**EXERCISE REQUIREMENTS:** Below are records to retype exactly, except for the pictures.

**RECORDS SHOWN:**
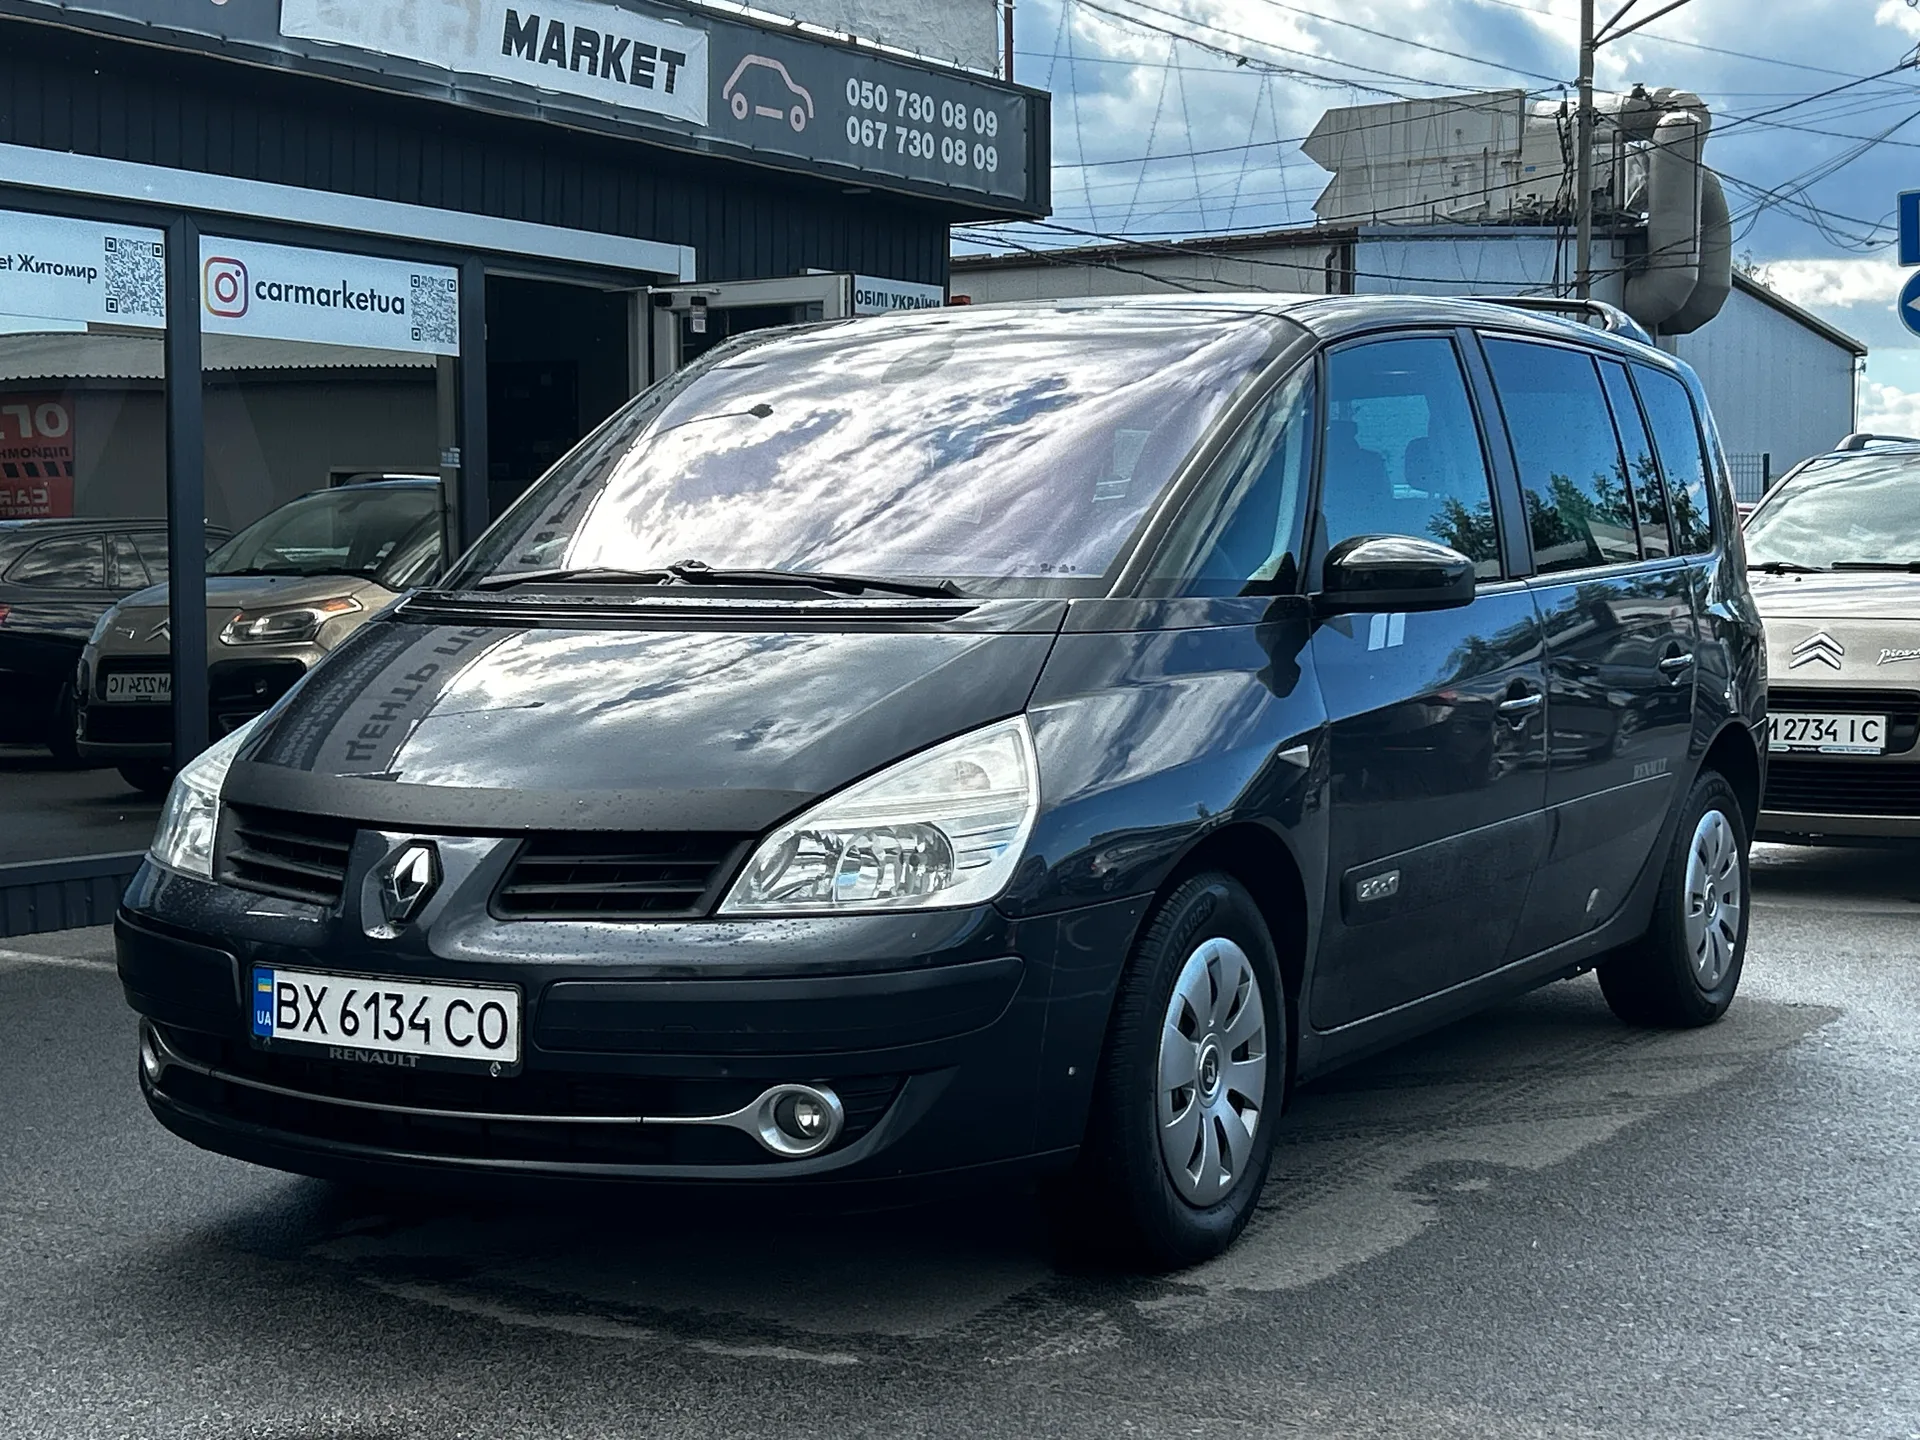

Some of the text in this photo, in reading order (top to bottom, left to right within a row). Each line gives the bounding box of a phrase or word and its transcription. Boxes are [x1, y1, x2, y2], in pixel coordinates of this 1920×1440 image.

[502, 8, 687, 95] MARKET
[846, 77, 998, 138] 050 730 08 09
[846, 115, 998, 174] 067 730 08 09
[17, 253, 97, 284] Житомир
[255, 276, 405, 317] carmarketua
[1784, 718, 1837, 742] 2734
[1850, 720, 1879, 743] IC
[257, 981, 508, 1050] UA BX 6134 CO
[329, 1047, 420, 1068] RENAULT

**ANSWER BOX:**
Some of the text in this photo, in reading order (top to bottom, left to right within a row). Each line gives the bounding box of a phrase or word and its transcription. Boxes are [x1, y1, x2, y2], in pixel coordinates of this 1920×1440 image.

[502, 8, 687, 95] MARKET
[846, 77, 998, 138] 050 730 08 09
[846, 115, 998, 174] 067 730 08 09
[17, 253, 97, 284] Житомир
[255, 276, 405, 317] carmarketua
[1784, 718, 1837, 742] 2734
[1850, 720, 1879, 743] IC
[257, 981, 508, 1050] UA BX 6134 CO
[329, 1047, 420, 1068] RENAULT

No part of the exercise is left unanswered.